PROVIDED INFORMATION:
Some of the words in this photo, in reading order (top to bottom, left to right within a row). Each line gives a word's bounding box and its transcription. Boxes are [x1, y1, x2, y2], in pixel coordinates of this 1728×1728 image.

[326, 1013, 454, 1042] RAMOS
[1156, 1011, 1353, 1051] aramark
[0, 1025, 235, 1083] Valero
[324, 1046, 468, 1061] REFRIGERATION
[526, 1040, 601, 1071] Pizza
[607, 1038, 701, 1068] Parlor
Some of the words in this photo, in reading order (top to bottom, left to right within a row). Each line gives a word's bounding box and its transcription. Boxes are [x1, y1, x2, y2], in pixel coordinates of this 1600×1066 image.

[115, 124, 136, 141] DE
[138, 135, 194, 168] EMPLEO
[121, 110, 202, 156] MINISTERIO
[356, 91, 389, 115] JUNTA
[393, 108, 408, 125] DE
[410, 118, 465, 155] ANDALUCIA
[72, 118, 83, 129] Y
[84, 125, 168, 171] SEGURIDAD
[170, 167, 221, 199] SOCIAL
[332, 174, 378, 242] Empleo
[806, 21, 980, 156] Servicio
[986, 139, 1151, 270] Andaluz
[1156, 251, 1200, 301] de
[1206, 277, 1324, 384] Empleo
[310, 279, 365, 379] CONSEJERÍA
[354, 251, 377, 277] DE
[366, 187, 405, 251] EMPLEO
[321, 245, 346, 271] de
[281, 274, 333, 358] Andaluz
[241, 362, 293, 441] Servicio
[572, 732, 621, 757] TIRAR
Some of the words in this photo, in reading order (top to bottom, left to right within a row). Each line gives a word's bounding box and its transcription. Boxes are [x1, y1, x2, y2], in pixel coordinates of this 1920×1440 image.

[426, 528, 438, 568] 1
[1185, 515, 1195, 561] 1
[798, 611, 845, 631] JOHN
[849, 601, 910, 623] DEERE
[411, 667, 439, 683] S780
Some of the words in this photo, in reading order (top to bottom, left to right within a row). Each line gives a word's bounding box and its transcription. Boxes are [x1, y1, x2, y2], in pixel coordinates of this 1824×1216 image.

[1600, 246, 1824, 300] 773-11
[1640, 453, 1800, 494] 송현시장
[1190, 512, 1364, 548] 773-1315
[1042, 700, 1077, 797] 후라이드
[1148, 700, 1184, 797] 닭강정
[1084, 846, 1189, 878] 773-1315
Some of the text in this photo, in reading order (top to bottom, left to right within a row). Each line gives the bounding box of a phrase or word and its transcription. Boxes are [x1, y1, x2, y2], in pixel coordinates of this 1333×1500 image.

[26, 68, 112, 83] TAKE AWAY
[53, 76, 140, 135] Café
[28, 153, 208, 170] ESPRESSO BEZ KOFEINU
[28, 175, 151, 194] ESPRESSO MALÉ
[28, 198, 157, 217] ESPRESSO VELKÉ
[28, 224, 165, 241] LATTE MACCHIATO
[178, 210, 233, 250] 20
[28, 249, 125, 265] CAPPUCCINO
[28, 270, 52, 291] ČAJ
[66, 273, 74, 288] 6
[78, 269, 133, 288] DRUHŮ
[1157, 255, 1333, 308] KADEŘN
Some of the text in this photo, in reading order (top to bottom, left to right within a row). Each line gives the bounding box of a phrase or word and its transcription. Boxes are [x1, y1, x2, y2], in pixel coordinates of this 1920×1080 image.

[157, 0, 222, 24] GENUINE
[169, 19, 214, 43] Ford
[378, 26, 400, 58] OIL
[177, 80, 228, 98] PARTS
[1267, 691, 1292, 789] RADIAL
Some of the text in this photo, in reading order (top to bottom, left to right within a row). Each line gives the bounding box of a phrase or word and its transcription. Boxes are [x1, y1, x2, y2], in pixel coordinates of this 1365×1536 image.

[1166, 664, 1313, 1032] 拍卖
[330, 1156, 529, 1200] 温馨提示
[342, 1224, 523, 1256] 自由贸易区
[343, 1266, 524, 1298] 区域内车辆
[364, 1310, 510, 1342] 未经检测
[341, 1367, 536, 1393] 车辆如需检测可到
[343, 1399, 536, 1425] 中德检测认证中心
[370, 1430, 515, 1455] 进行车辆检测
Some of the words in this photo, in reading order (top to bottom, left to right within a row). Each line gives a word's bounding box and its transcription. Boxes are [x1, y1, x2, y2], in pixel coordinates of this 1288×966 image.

ASSIGNMENT: Quote each line of the listing above exactly.

ANSWER BOX:
Some of the words in this photo, in reading order (top to bottom, left to right within a row). Each line gives a word's bounding box and its transcription. Boxes are [x1, y1, x2, y2], in pixel coordinates of this 1728×1728 image.

[326, 1013, 454, 1042] RAMOS
[1156, 1011, 1353, 1051] aramark
[0, 1025, 235, 1083] Valero
[324, 1046, 468, 1061] REFRIGERATION
[526, 1040, 601, 1071] Pizza
[607, 1038, 701, 1068] Parlor
Some of the words in this photo, in reading order (top to bottom, left to right within a row). Each line gives a word's bounding box and its transcription. Boxes are [x1, y1, x2, y2], in pixel coordinates of this 1600×1066 image.

[115, 124, 136, 141] DE
[138, 135, 194, 168] EMPLEO
[121, 110, 202, 156] MINISTERIO
[356, 91, 389, 115] JUNTA
[393, 108, 408, 125] DE
[410, 118, 465, 155] ANDALUCIA
[72, 118, 83, 129] Y
[84, 125, 168, 171] SEGURIDAD
[170, 167, 221, 199] SOCIAL
[332, 174, 378, 242] Empleo
[806, 21, 980, 156] Servicio
[986, 139, 1151, 270] Andaluz
[1156, 251, 1200, 301] de
[1206, 277, 1324, 384] Empleo
[310, 279, 365, 379] CONSEJERÍA
[354, 251, 377, 277] DE
[366, 187, 405, 251] EMPLEO
[321, 245, 346, 271] de
[281, 274, 333, 358] Andaluz
[241, 362, 293, 441] Servicio
[572, 732, 621, 757] TIRAR
Some of the words in this photo, in reading order (top to bottom, left to right within a row). Each line gives a word's bounding box and its transcription. Boxes are [x1, y1, x2, y2], in pixel coordinates of this 1920×1440 image.

[426, 528, 438, 568] 1
[1185, 515, 1195, 561] 1
[798, 611, 845, 631] JOHN
[849, 601, 910, 623] DEERE
[411, 667, 439, 683] S780
Some of the words in this photo, in reading order (top to bottom, left to right within a row). Each line gives a word's bounding box and its transcription. Boxes are [x1, y1, x2, y2], in pixel coordinates of this 1824×1216 image.

[1600, 246, 1824, 300] 773-11
[1640, 453, 1800, 494] 송현시장
[1190, 512, 1364, 548] 773-1315
[1042, 700, 1077, 797] 후라이드
[1148, 700, 1184, 797] 닭강정
[1084, 846, 1189, 878] 773-1315
Some of the text in this photo, in reading order (top to bottom, left to right within a row). Each line gives the bounding box of a phrase or word and its transcription. Boxes are [x1, y1, x2, y2], in pixel coordinates of this 1333×1500 image.

[26, 68, 112, 83] TAKE AWAY
[53, 76, 140, 135] Café
[28, 153, 208, 170] ESPRESSO BEZ KOFEINU
[28, 175, 151, 194] ESPRESSO MALÉ
[28, 198, 157, 217] ESPRESSO VELKÉ
[28, 224, 165, 241] LATTE MACCHIATO
[178, 210, 233, 250] 20
[28, 249, 125, 265] CAPPUCCINO
[28, 270, 52, 291] ČAJ
[66, 273, 74, 288] 6
[78, 269, 133, 288] DRUHŮ
[1157, 255, 1333, 308] KADEŘN
Some of the text in this photo, in reading order (top to bottom, left to right within a row). Each line gives the bounding box of a phrase or word and its transcription. Boxes are [x1, y1, x2, y2], in pixel coordinates of this 1920×1080 image.

[157, 0, 222, 24] GENUINE
[169, 19, 214, 43] Ford
[378, 26, 400, 58] OIL
[177, 80, 228, 98] PARTS
[1267, 691, 1292, 789] RADIAL
Some of the text in this photo, in reading order (top to bottom, left to right within a row). Each line gives the bounding box of a phrase or word and its transcription. Boxes are [x1, y1, x2, y2], in pixel coordinates of this 1365×1536 image.

[1166, 664, 1313, 1032] 拍卖
[330, 1156, 529, 1200] 温馨提示
[342, 1224, 523, 1256] 自由贸易区
[343, 1266, 524, 1298] 区域内车辆
[364, 1310, 510, 1342] 未经检测
[341, 1367, 536, 1393] 车辆如需检测可到
[343, 1399, 536, 1425] 中德检测认证中心
[370, 1430, 515, 1455] 进行车辆检测
Some of the words in this photo, in reading order (top to bottom, left to right within a row). Each line gives a word's bounding box and its transcription. Boxes are [x1, y1, x2, y2], in pixel coordinates of this 1288×966 image.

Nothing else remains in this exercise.